■ The problem
Omitting all images, set down every line below exactly as it appears.

** Opening Supplied records block **

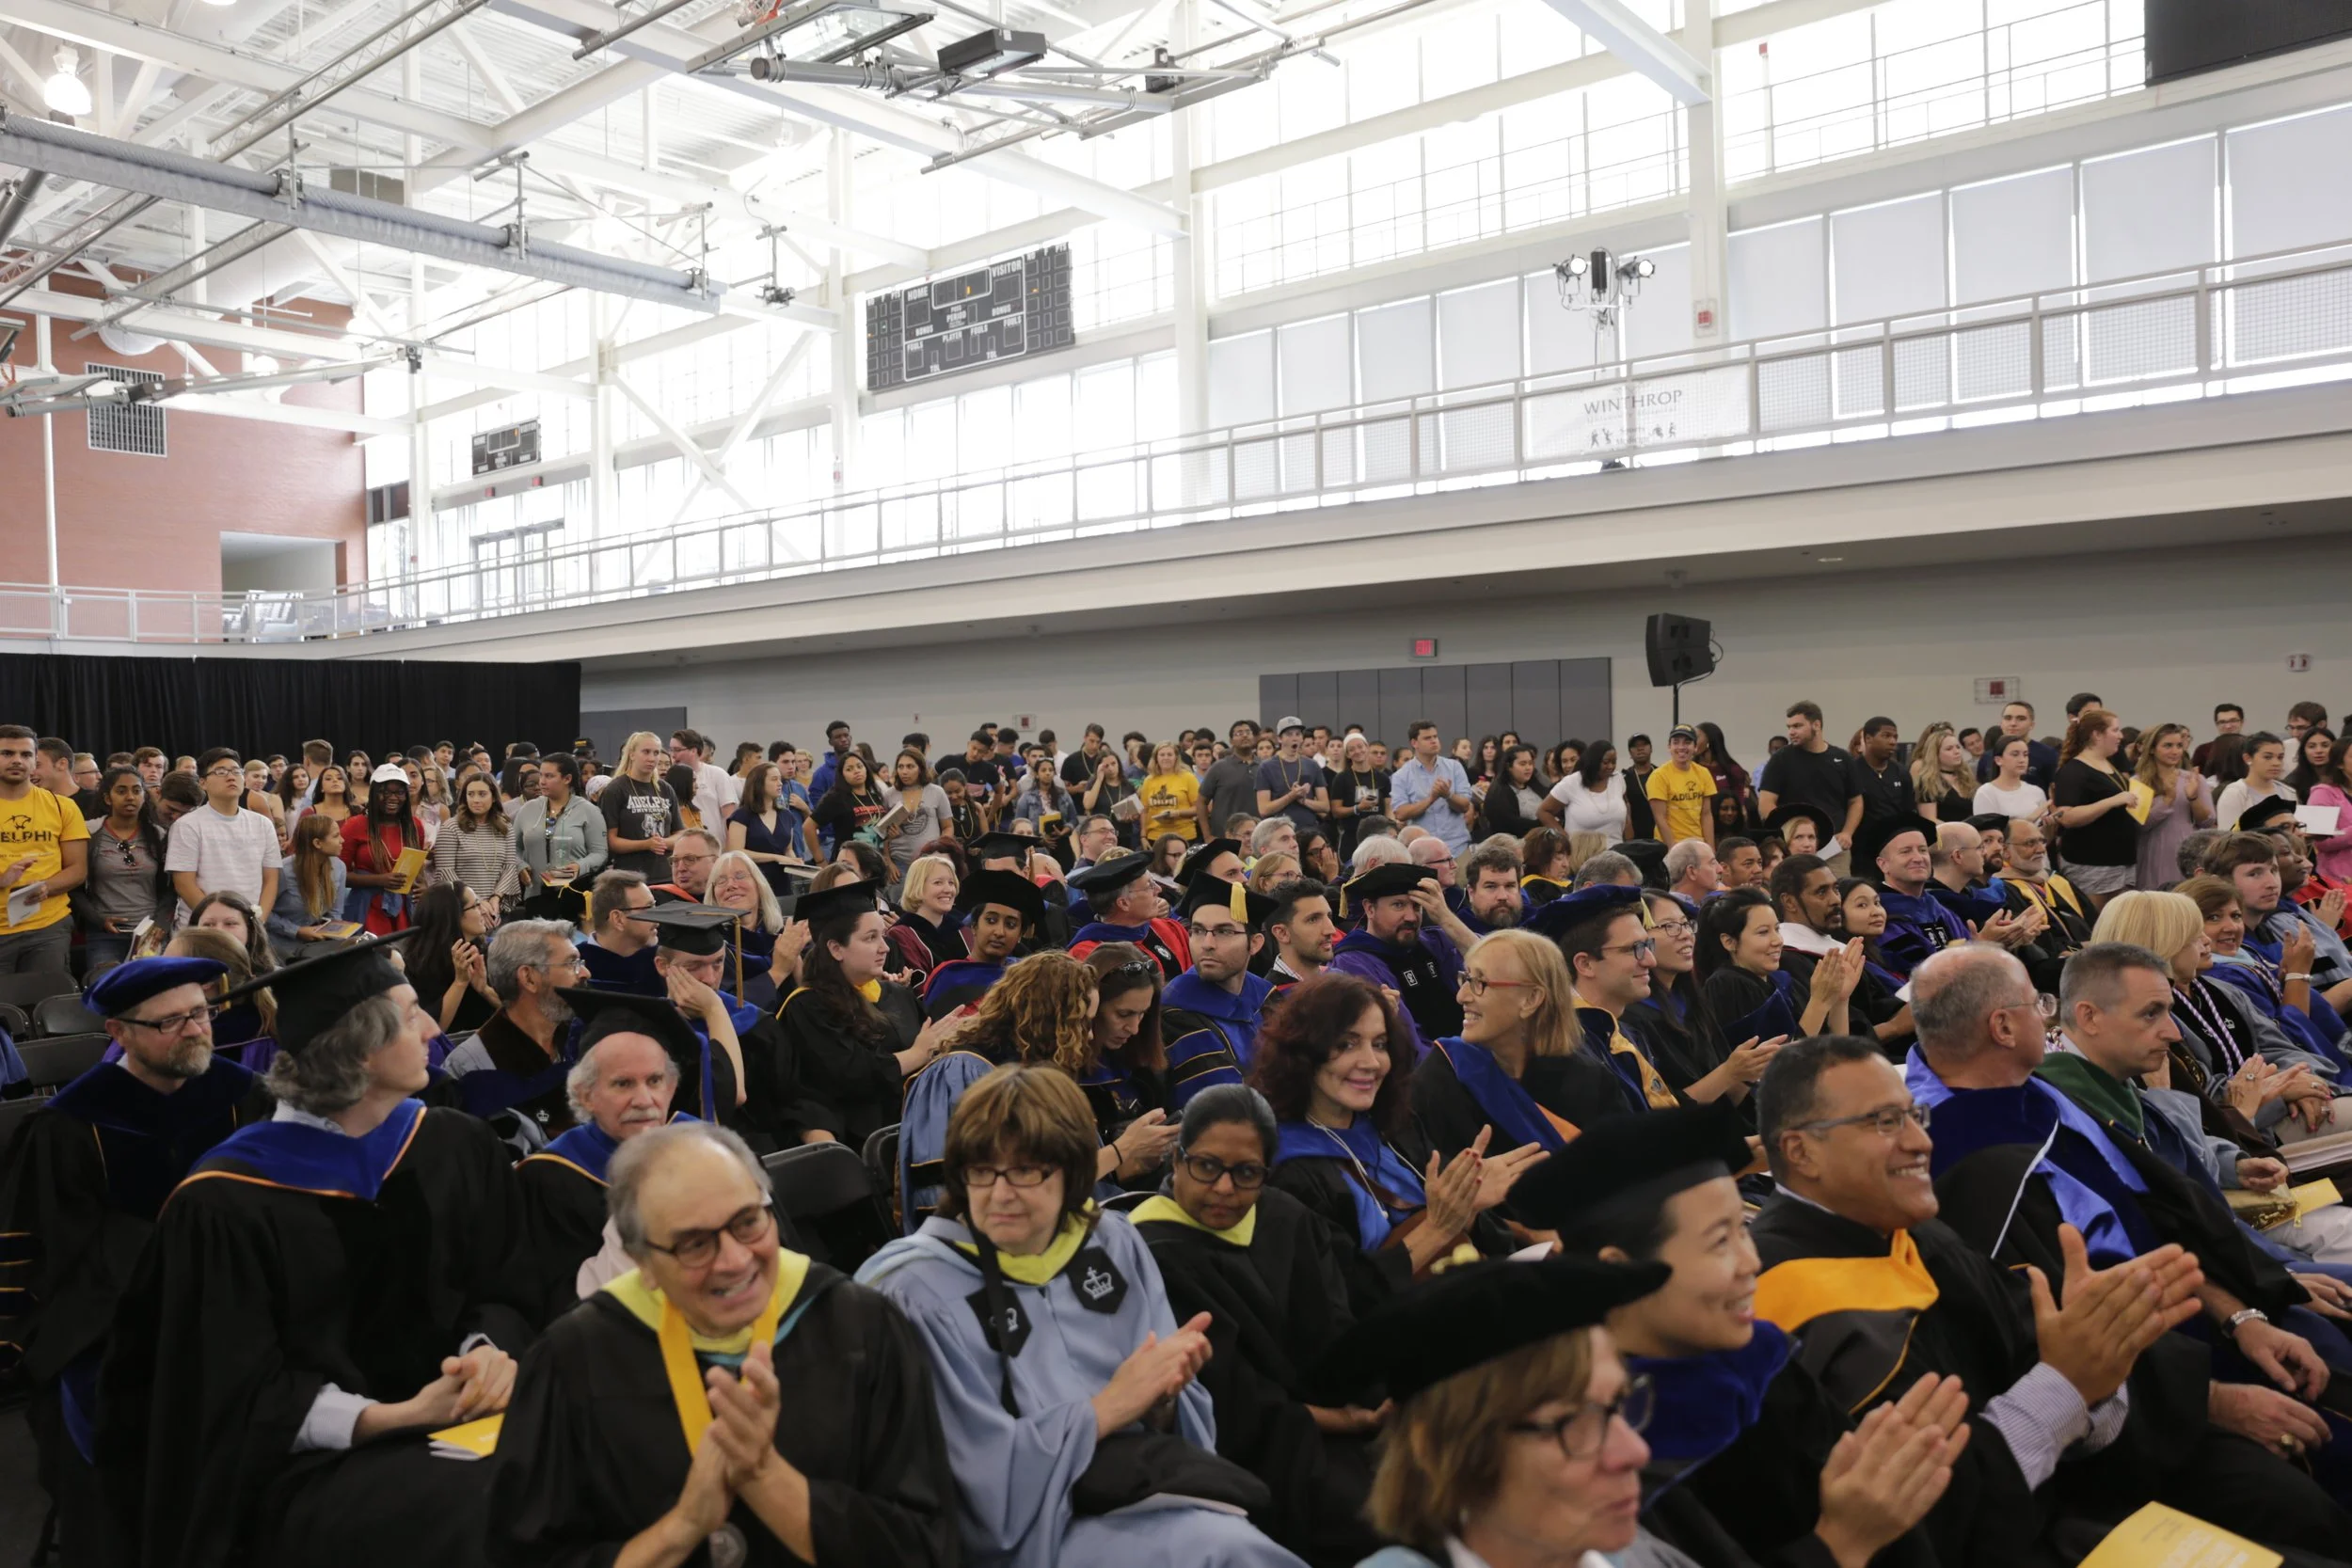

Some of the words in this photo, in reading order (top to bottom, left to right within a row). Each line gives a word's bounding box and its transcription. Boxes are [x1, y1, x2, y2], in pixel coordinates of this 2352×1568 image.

[992, 260, 1022, 277] VISITOR
[907, 286, 929, 301] HOME
[946, 310, 966, 323] PERIOD
[992, 304, 1011, 317] BONUS
[1003, 315, 1022, 327] FOULS
[915, 325, 933, 337] BONUS
[970, 325, 988, 336] FOULS
[942, 331, 962, 343] PLAYER
[907, 341, 923, 353] FOULS

** Closing Supplied records block **

■ Result
Some of the words in this photo, in reading order (top to bottom, left to right within a row). Each line gives a word's bounding box and its transcription. Boxes are [x1, y1, x2, y2], in pixel coordinates of this 2352×1568 image.

[992, 260, 1022, 277] VISITOR
[907, 286, 929, 301] HOME
[946, 310, 966, 323] PERIOD
[992, 304, 1011, 317] BONUS
[1003, 315, 1022, 327] FOULS
[915, 325, 933, 337] BONUS
[970, 325, 988, 336] FOULS
[942, 331, 962, 343] PLAYER
[907, 341, 923, 353] FOULS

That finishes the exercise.